*** Opening Supplied material ***
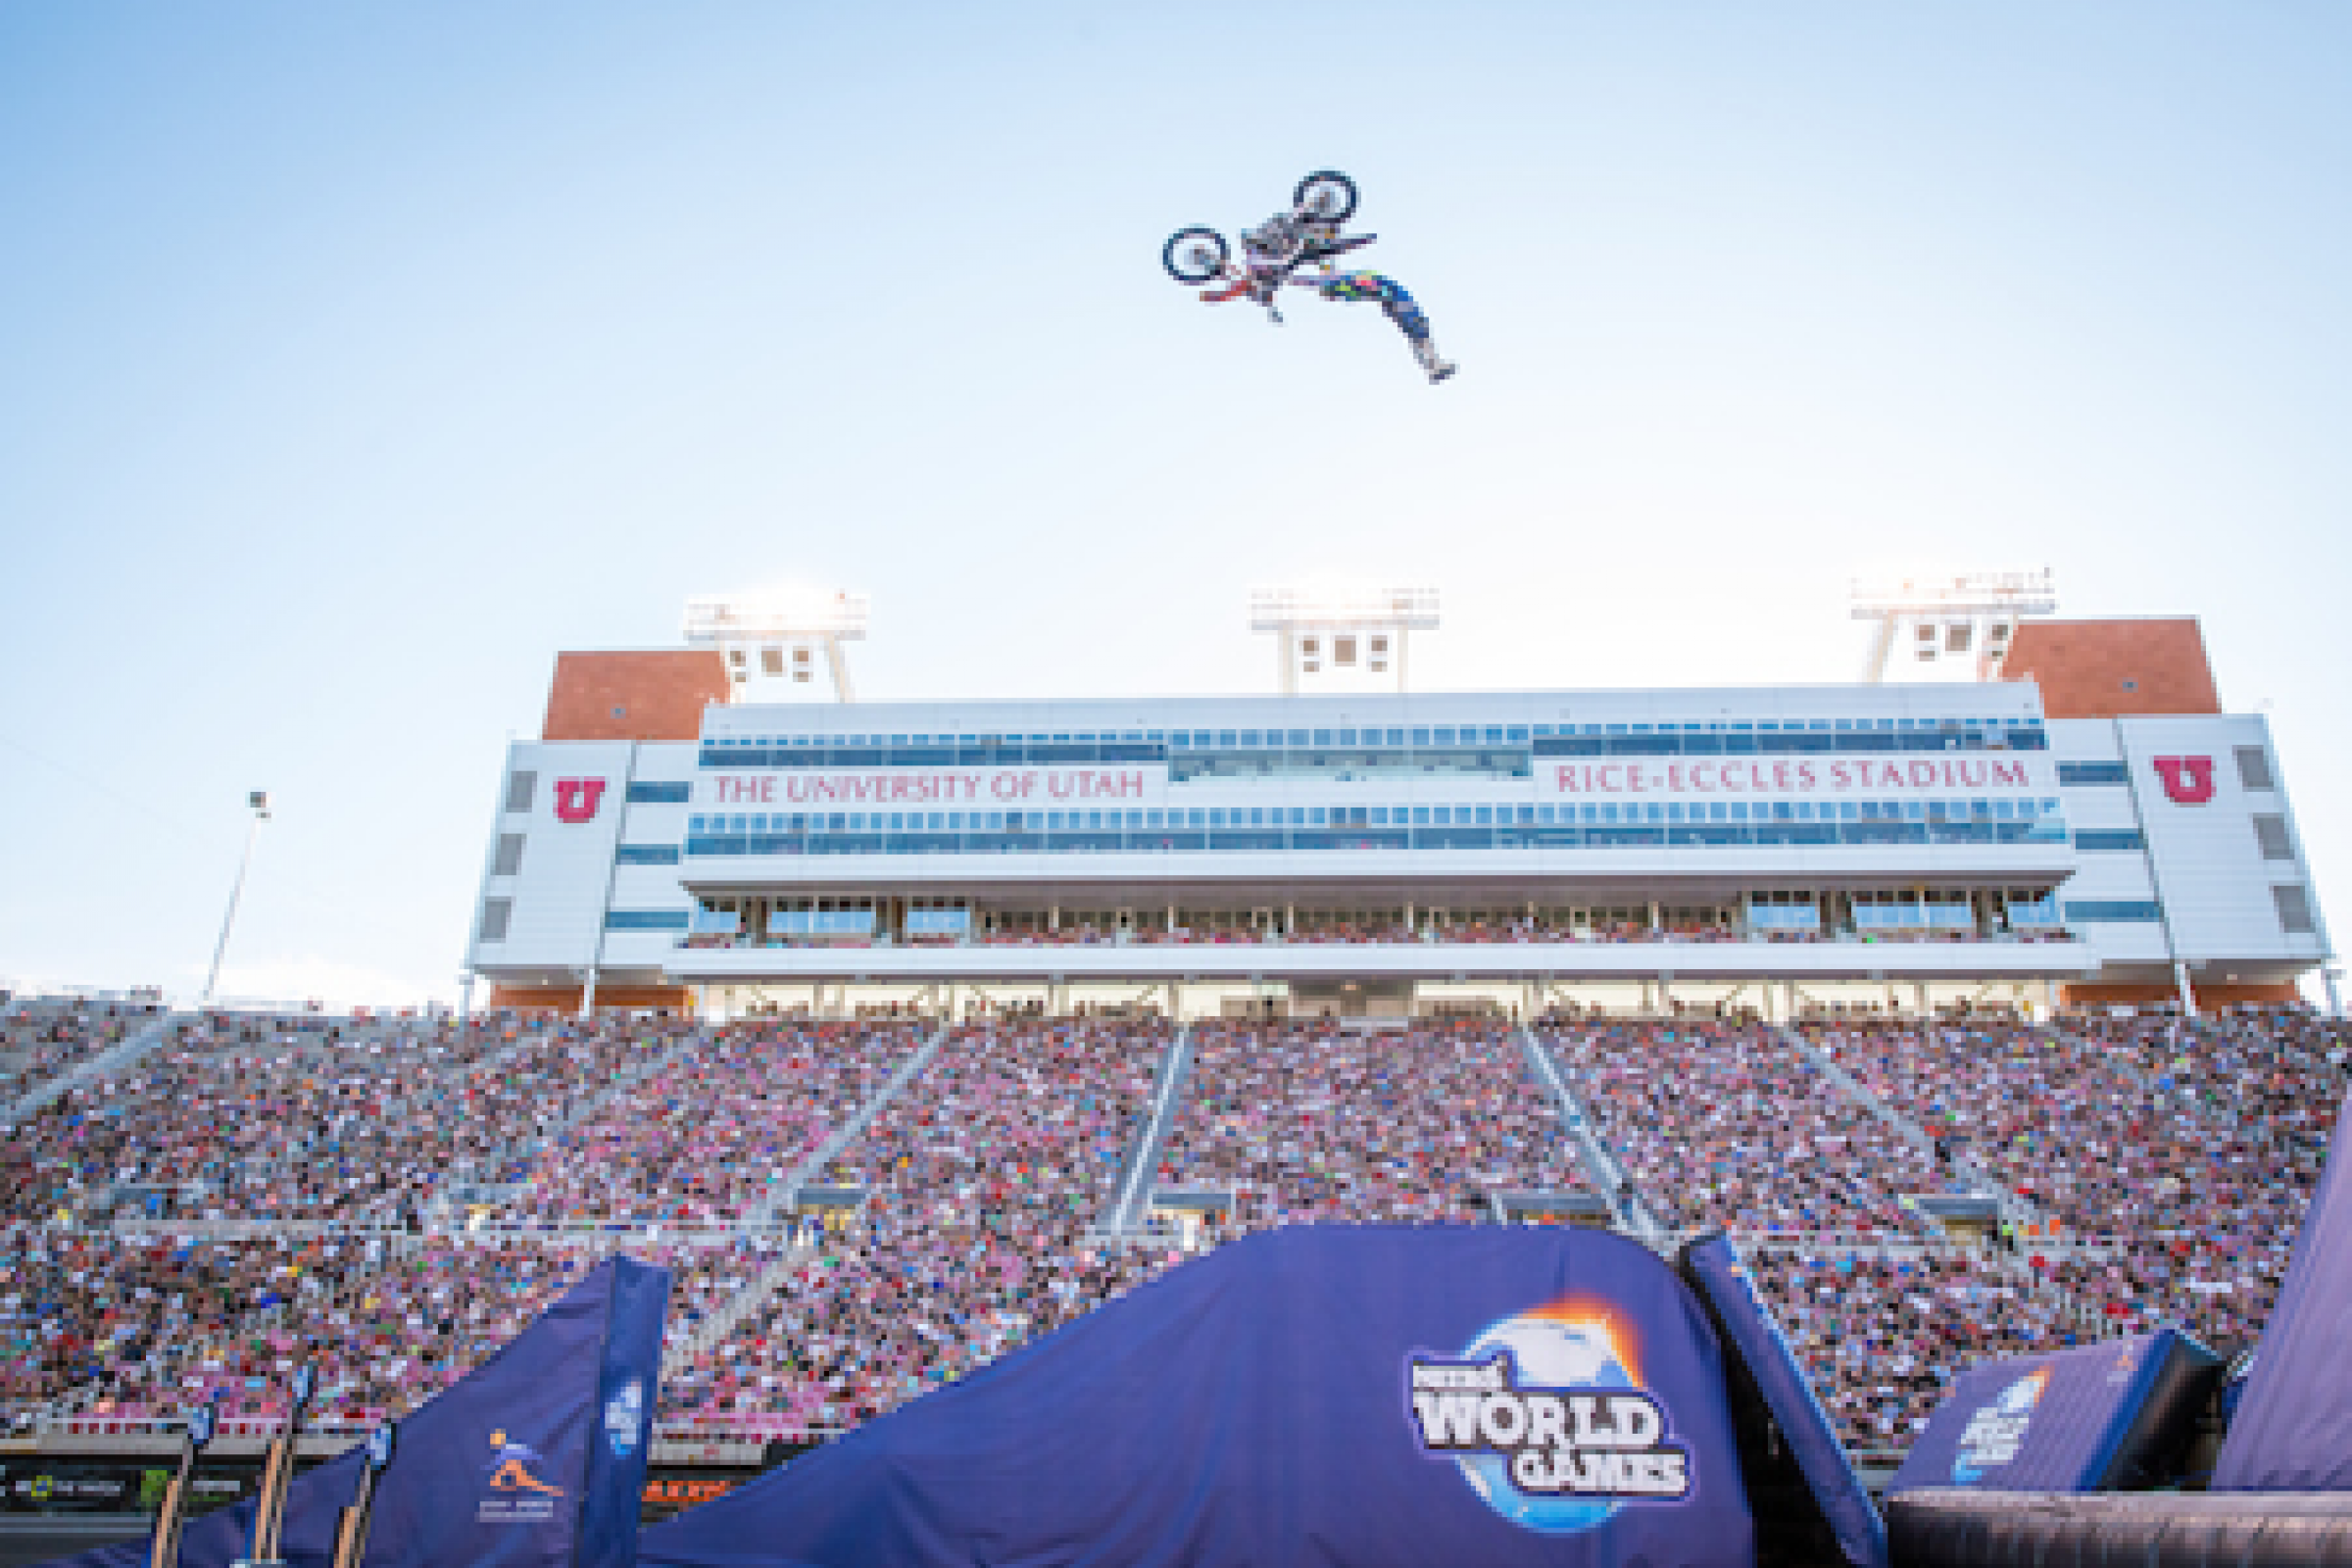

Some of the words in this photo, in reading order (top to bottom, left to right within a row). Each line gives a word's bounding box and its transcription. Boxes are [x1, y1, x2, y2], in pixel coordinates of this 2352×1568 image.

[713, 775, 778, 803] THE
[786, 773, 980, 804] UNIVERSITY
[990, 771, 1039, 802] OF
[1047, 769, 1145, 800] UTAH
[1829, 759, 2031, 788] STADIUM
[2153, 756, 2215, 806] U
[553, 776, 606, 823] U
[1411, 1388, 1662, 1450] WORLD
[1511, 1448, 1688, 1494] GAMES
*** Closing Supplied material ***
[Directions]
Give back the entire listing verbatim, without the pictures.

[Exercise response]
Some of the words in this photo, in reading order (top to bottom, left to right within a row). Each line gives a word's bounding box and its transcription. Boxes are [x1, y1, x2, y2], in pixel coordinates of this 2352×1568 image.

[713, 775, 778, 803] THE
[786, 773, 980, 804] UNIVERSITY
[990, 771, 1039, 802] OF
[1047, 769, 1145, 800] UTAH
[1829, 759, 2031, 788] STADIUM
[2153, 756, 2215, 806] U
[553, 776, 606, 823] U
[1411, 1388, 1662, 1450] WORLD
[1511, 1448, 1688, 1494] GAMES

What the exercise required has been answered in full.